- [TASK DATA]:
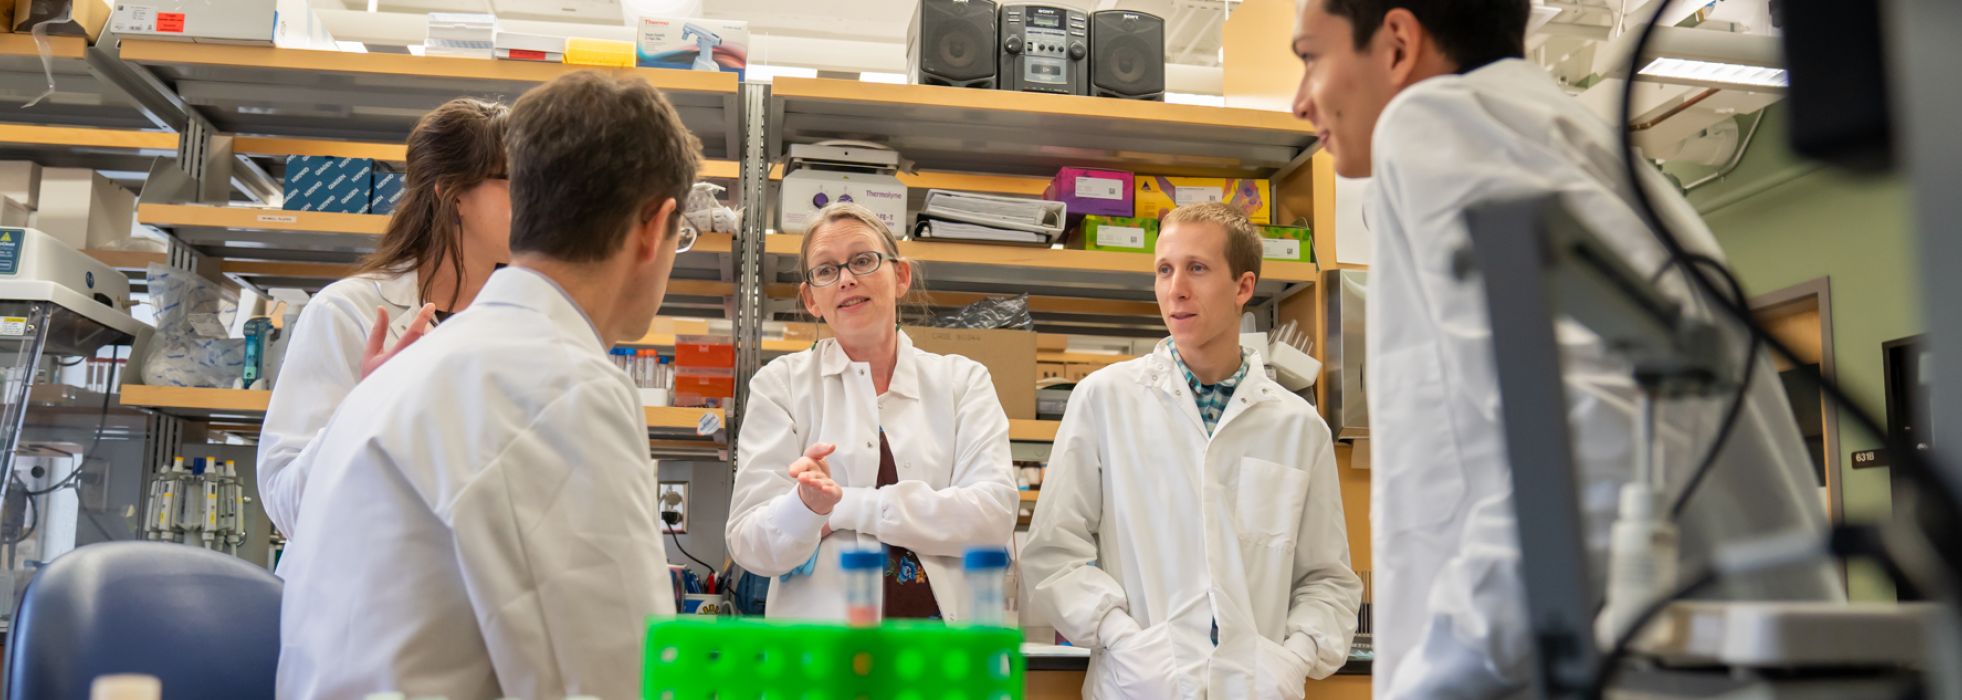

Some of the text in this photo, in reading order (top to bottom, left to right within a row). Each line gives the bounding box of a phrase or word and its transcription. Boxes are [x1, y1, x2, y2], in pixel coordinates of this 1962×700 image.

[290, 166, 310, 183] QIAGEN
[314, 160, 334, 176] QIAGEN
[351, 166, 370, 183] QIAGEN
[304, 181, 323, 197] QIAGEN
[328, 173, 347, 190] QIAGEN
[376, 173, 394, 189] QIAGEN
[340, 187, 360, 204] QIAGEN
[866, 189, 903, 200] Thermolyne
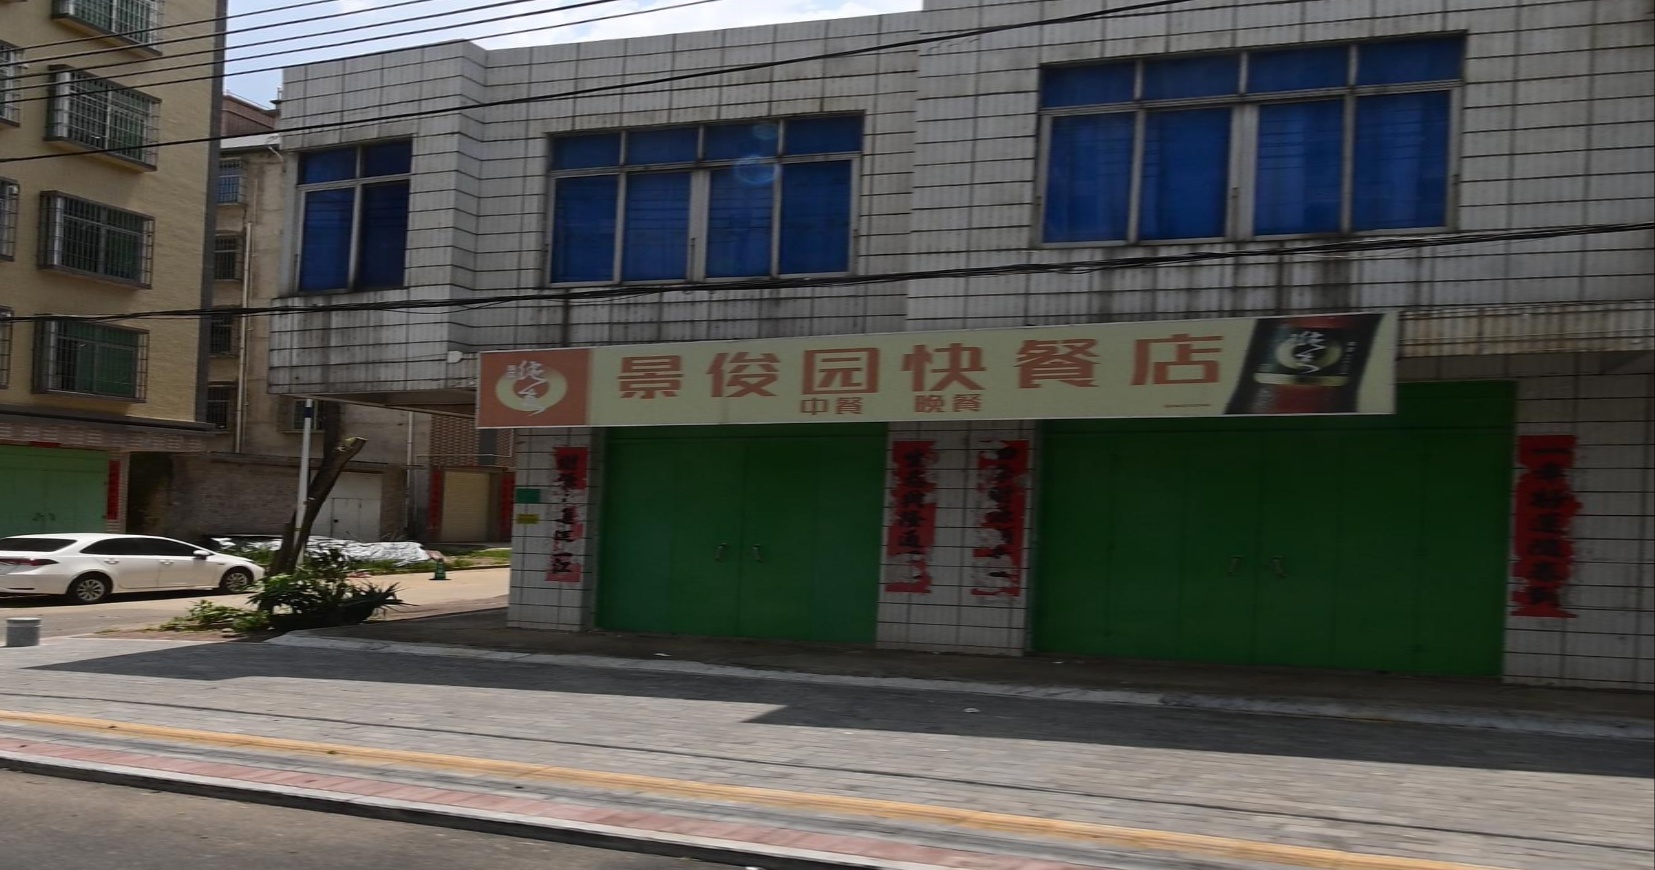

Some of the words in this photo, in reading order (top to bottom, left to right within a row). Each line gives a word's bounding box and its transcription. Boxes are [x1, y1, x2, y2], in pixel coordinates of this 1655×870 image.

[618, 334, 1224, 399] 景俊园快餐店
[800, 396, 862, 415] 中餐
[915, 394, 981, 414] 晚餐
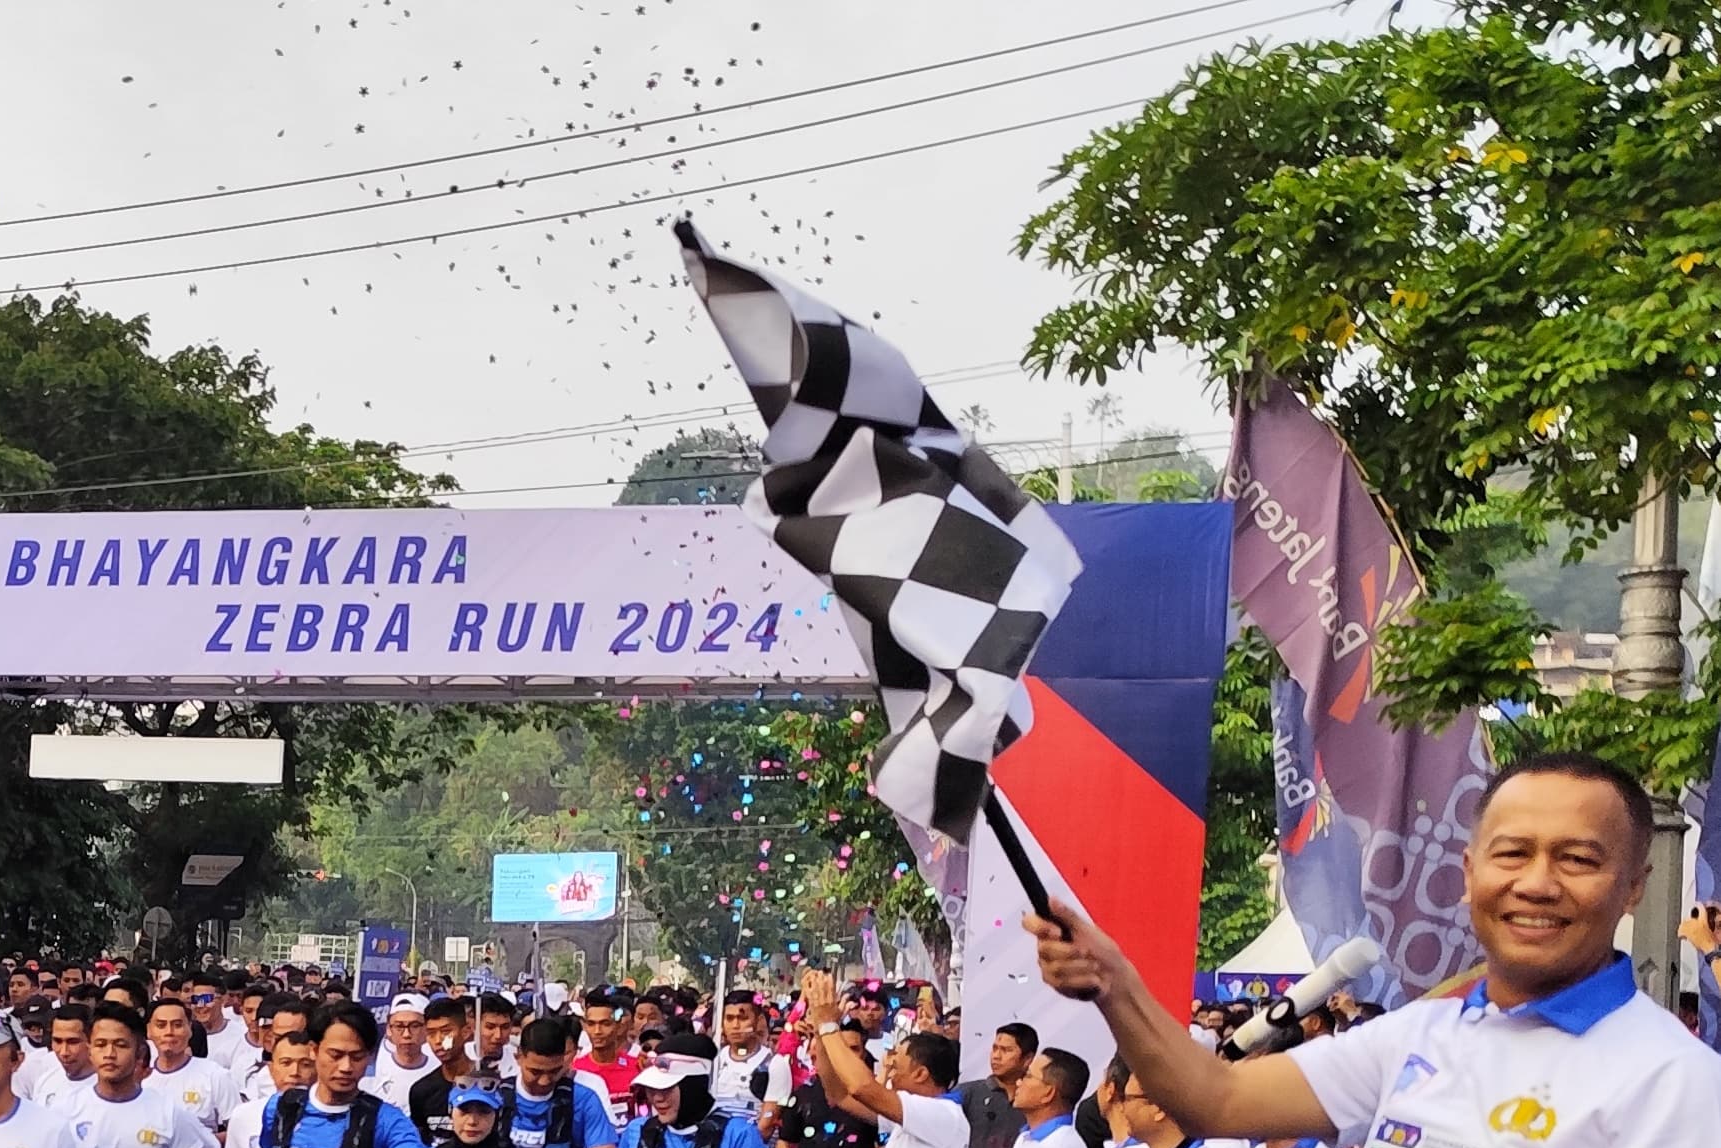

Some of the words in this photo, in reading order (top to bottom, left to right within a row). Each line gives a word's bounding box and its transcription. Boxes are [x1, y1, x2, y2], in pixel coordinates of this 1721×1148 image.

- [TASK REQUIREMENTS]:
Only the lines from the one containing "this 1655×870 image." through the final line of the entries belong in the copy, both ends included. Pictures stay out.

- [RESPONSE]:
Some of the words in this photo, in reading order (top to bottom, left to right within a row). Each line gives a word's bounding box and its transcription. Boxes are [x1, y1, x2, y2], in pixel coordinates of this 1655×870 image.

[618, 334, 1224, 399] 景俊园快餐店
[800, 396, 862, 415] 中餐
[915, 394, 981, 414] 晚餐

Some of the words in this photo, in reading order (top to bottom, left to right within a row). Each line gives a word's bounding box and its transcription. Boxes are [x1, y1, x2, y2], in pixel coordinates of this 1721×1148 image.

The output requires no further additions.